XP can be booted on the Intel Mac

So now I have a really good reason to buy a new Intel Powerbook: I will be able to boot Windows XP on it.

[from Windows XP-on-Mac contest declares winner]

A Macintosh enthusiast has apparently managed to load Windows XP on an Intel Mac, nabbing a nearly $14,000 prize.

For some days, there has been discussion that the person who goes by the handle “narf” had managed the technically challenging feat. Photos were posted on Flickr, and much debate ensued. However, narf’s method had to prove replicable before the contest was officially ended.

On Thursday, though, the contest ended, and a winner was declared.

“Contest has been won—updates to follow shortly,” reads a short message on the contest’s Web site.

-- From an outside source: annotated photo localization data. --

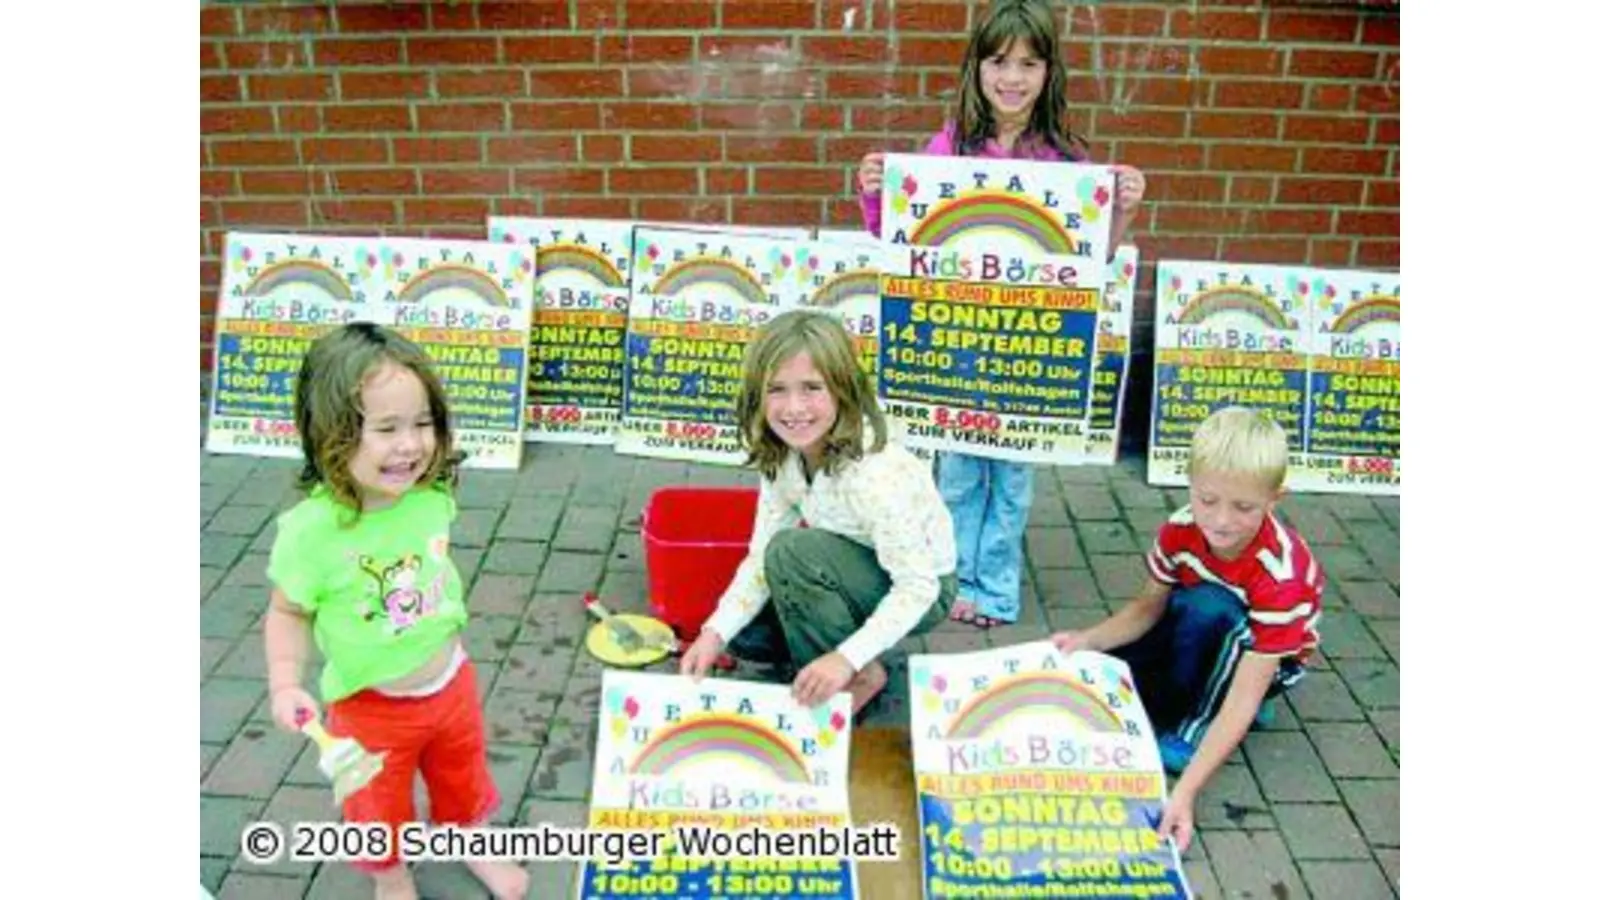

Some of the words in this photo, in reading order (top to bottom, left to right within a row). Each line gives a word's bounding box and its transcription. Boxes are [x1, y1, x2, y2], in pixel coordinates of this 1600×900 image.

[890, 172, 1094, 258] AUETALER
[909, 249, 973, 280] Kids
[980, 253, 1079, 288] Börse
[886, 279, 940, 298] ALLES
[945, 283, 994, 303] RUND
[999, 288, 1037, 306] UMS
[242, 299, 286, 320] Kids
[652, 298, 696, 319] Kids
[909, 301, 1065, 333] SONNTAG
[882, 322, 920, 344] 14.
[930, 328, 1087, 358] SEPTEMBER
[1177, 328, 1222, 347] Kids
[1330, 336, 1374, 359] Kids
[885, 347, 953, 370] 10:00
[976, 356, 1043, 380] 13:00
[1046, 364, 1082, 381] Uhr
[933, 406, 1002, 432] 8.000
[1006, 419, 1084, 437] ARTIKEL
[907, 423, 946, 439] ZUM
[951, 430, 1038, 452] VERKAUF
[926, 653, 1142, 741] AUETALER
[946, 744, 1020, 775] Kids
[1028, 735, 1132, 769] Börse
[628, 780, 700, 810] Kids
[709, 783, 819, 812] Börse
[952, 796, 1127, 826] SONNTAG
[980, 827, 1161, 855] SEPTEMBER
[591, 874, 679, 894] 10:00
[706, 874, 793, 894] 13:00
[797, 876, 842, 894] Uhr

The contest, which has been running since just after Apple Computer announced the first Intel-based Macs, collected donations from individuals and companies to raise the prize money.

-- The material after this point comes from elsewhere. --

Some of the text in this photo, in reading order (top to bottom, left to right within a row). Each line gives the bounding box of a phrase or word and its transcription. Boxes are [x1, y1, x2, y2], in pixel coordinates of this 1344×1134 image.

Although both Macs and Windows PCs now use Intel chips, the task of loading Windows on the Intel Macs has proved more complicated, in part because both use different means of booting up. There had been hope that the next version of Windows would make things easier, but an Apple executive last week said booting Vista on Macs may not prove that easy, either.

Vista? Geez, that’s not until 2007 at the earliest. These guys will figure that out next year.

Suddenly nobody loves Raymond, particularly at Mic

If you were taking a poll among the digiterati right now, I think you’d find that Microsoft’s credibility would have fallen below the critical Richard Nixon stage, down into the 30% area or south of that. Amazing parallels with Bush and the lack of credibility there with Katrina and Iraq. In both cases, lots of management changes in the middle tiers — Michael Brown and the economist who predicted the cost of the war would be $200B or more were shown the door, but Rumsfeld and Chertoff are still in place — and correspondingly, Ballmer and other senior execs are still calling the shots. Shouldn’t they be sacked?

And Scoble is sounding more and more like Scott McClellan, the Bush Press Secretary. He was decidely testy about the hue-and-cry arising from the Vista and Office slippage and the apparently unsupported claims that 60% of Vista code needs to be rewritten, calling for not just a retraction, but the heads of the editors and reporters involved:

Whenever you see a story that says 60% of any OS is gonna be rewritten you should demand that the journalist who wrote that be immediately and publicly fired. Totally 100% incompetent. Did NOT do their homework.

There is NO WAY a major OS can be rewritten without breaking everything and certainly not in a short time frame. Such a rewrite would take a decade to make work right and I doubt it would even after that.

Scoble may be unexpectedly prescient: it may take a decade — from the time they started — before they get this OS out the door in working order. Thank god I am not a journalist, and no one can fire me for suggesting such a thing.